S’il aimait vivre dans le hameau, à la ferme, loin des autres, c’est parce que les animaux, eux, ne l’avaient jamais pris de haut

Hameau d'Oberwil, à Waldkirch (Suisse), 2005   (source)

 
[...] elle a sans doute depuis trop longtemps pris l’habitude de le voir comme s’il était encore un enfant – non pas son enfant à elle, elle n’en a pas et n’a jamais éprouvé le désir d’en avoir –, mais un de ces gosses dont on s’occupe occasionnellement, comme un filleul ou un de ces neveux dont on peut jouir égoïstement du plaisir qu’ils nous donnent, à profiter de leur enfance sans avoir à s’encombrer des tracas que celle-ci provoque, que leur éducation génère comme autant de dégâts collatéraux inévitables. (p. 5*)

[...] ils avaient toujours été suffisamment proches pour se dire leurs quatre vérités, presque comme ce vieux couple qu’ils n’avaient jamais formé et qu’ils avaient été, malgré tout, d’une certaine manière – histoire d’amour platonique et n’ayant peut-être pas trouvé d’espace pour se vivre, même en rêve, ni pour l’un ni pour l’autre –, malgré ce que les langues de vipères et les jaloux avaient pu insinuer. (p. 7*)

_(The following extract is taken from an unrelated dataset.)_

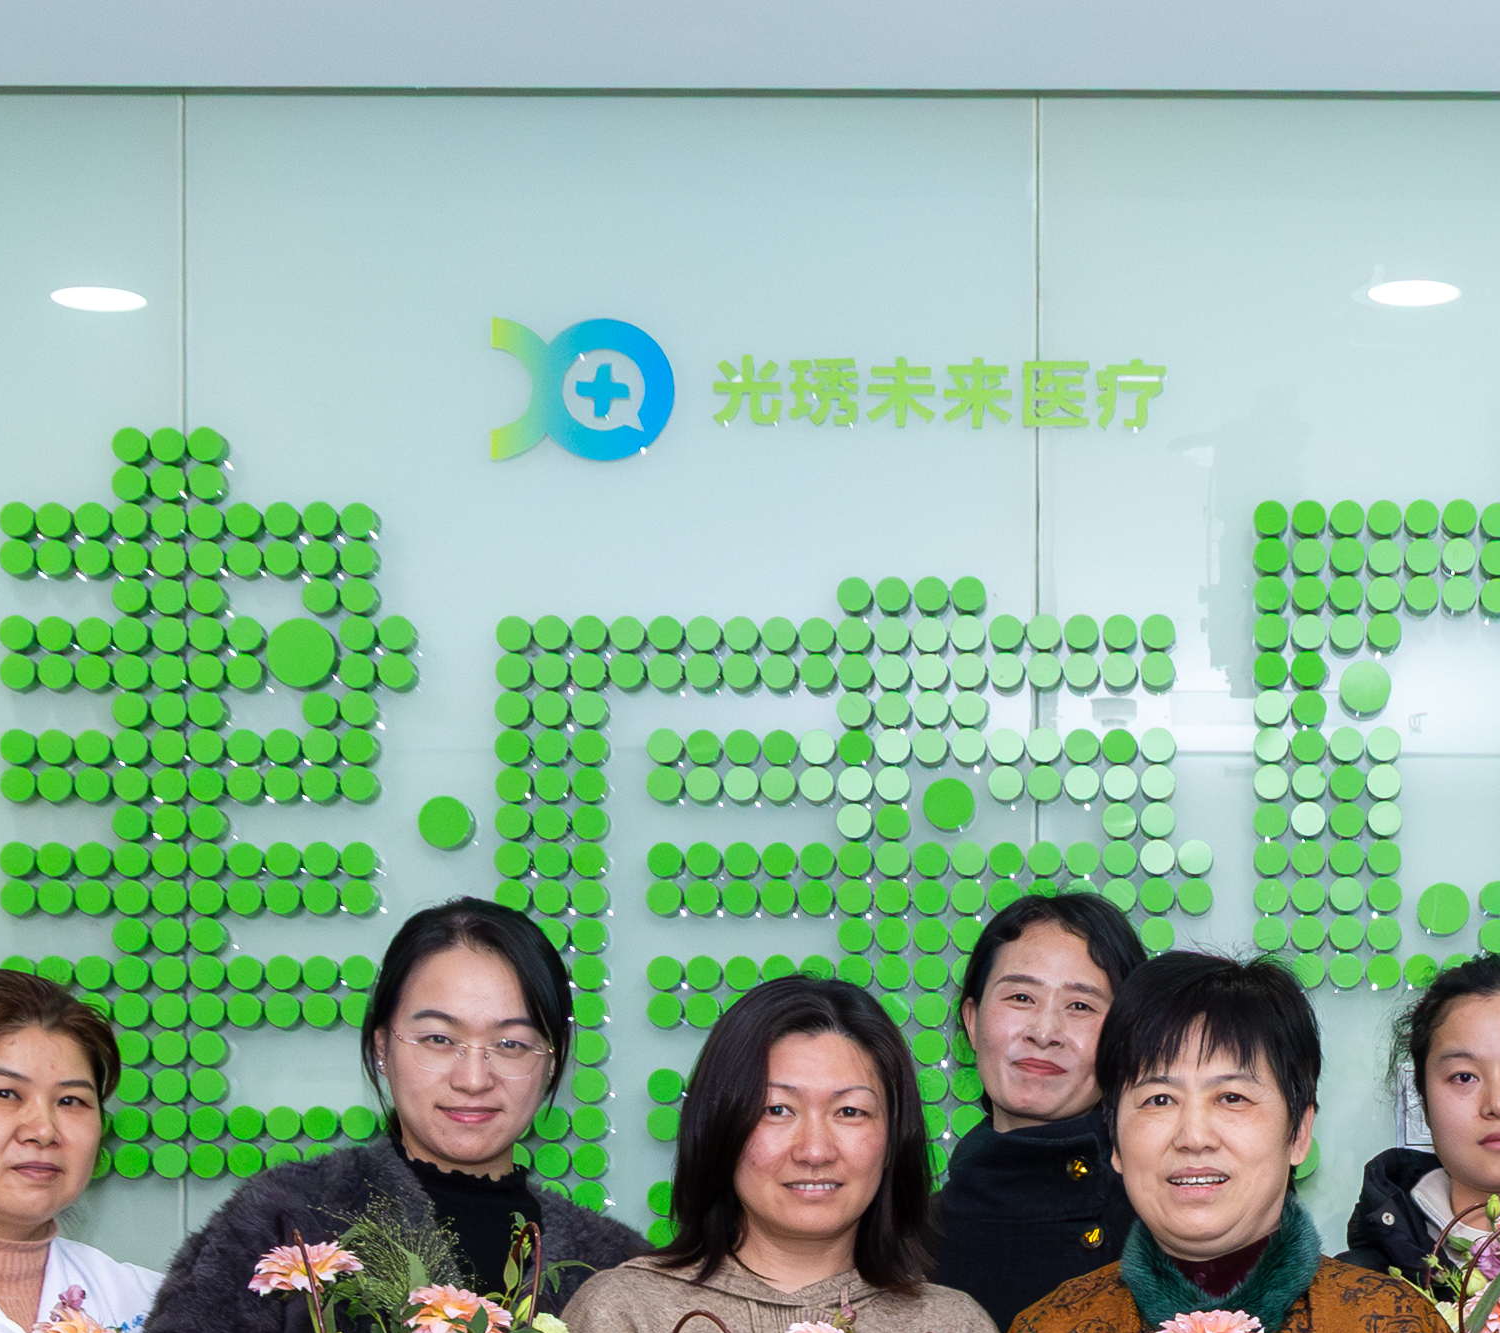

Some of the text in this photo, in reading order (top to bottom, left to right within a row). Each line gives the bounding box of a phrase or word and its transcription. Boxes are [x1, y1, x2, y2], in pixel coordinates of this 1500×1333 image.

En réalité, c’est juste que pendant qu’elle peint elle oublie qu’il faudrait qu’elle joue à l’artiste qui vend très bien son travail – ce qu’elle pourrait faire, car elle sait ce qu’elle fait, ce qu’elle peint, même si elle se laisse déborder et surprendre par les tableaux qui naissent sous ses doigts, elle sait aussi que l’inspiration ne tombe sur le râble de personne et qu’il faut travailler, lire, voir, réfléchir, penser son travail, et, le travail intellectuel accompli, alors seulement savoir l’oublier, l’anéantir, savoir lâcher prise et laisser déborder de ce monde conceptuel et réfléchi quelque chose qui vient d’en dessous, ou d’à côté, qui fait que la peinture excède le programme qu’on lui a assigné, quand tout à coup le tableau est plus intelligent, plus vivant, plus cruel aussi, souvent, que celui ou celle qui l’a peint. (p. 20*)

Et Christine ne dira pas à Ida combien ce silence des gens, tout prévenant qu’il se veut, est blessant, qu’il vous nie plus sûrement que si vous n’existiez pas, car à ces gens vous prenez le risque de donner quelque chose et ce don devrait les obliger, c’est comme ça qu’elle pense, Christine, elle qui a souffert autrefois de l’indifférence à ses vernissages où certains prétendus « amis » préféraient lui parler de la qualité du champagne ou de sa nouvelle coupe de cheveux que de ses tableaux [...] (p. 33*)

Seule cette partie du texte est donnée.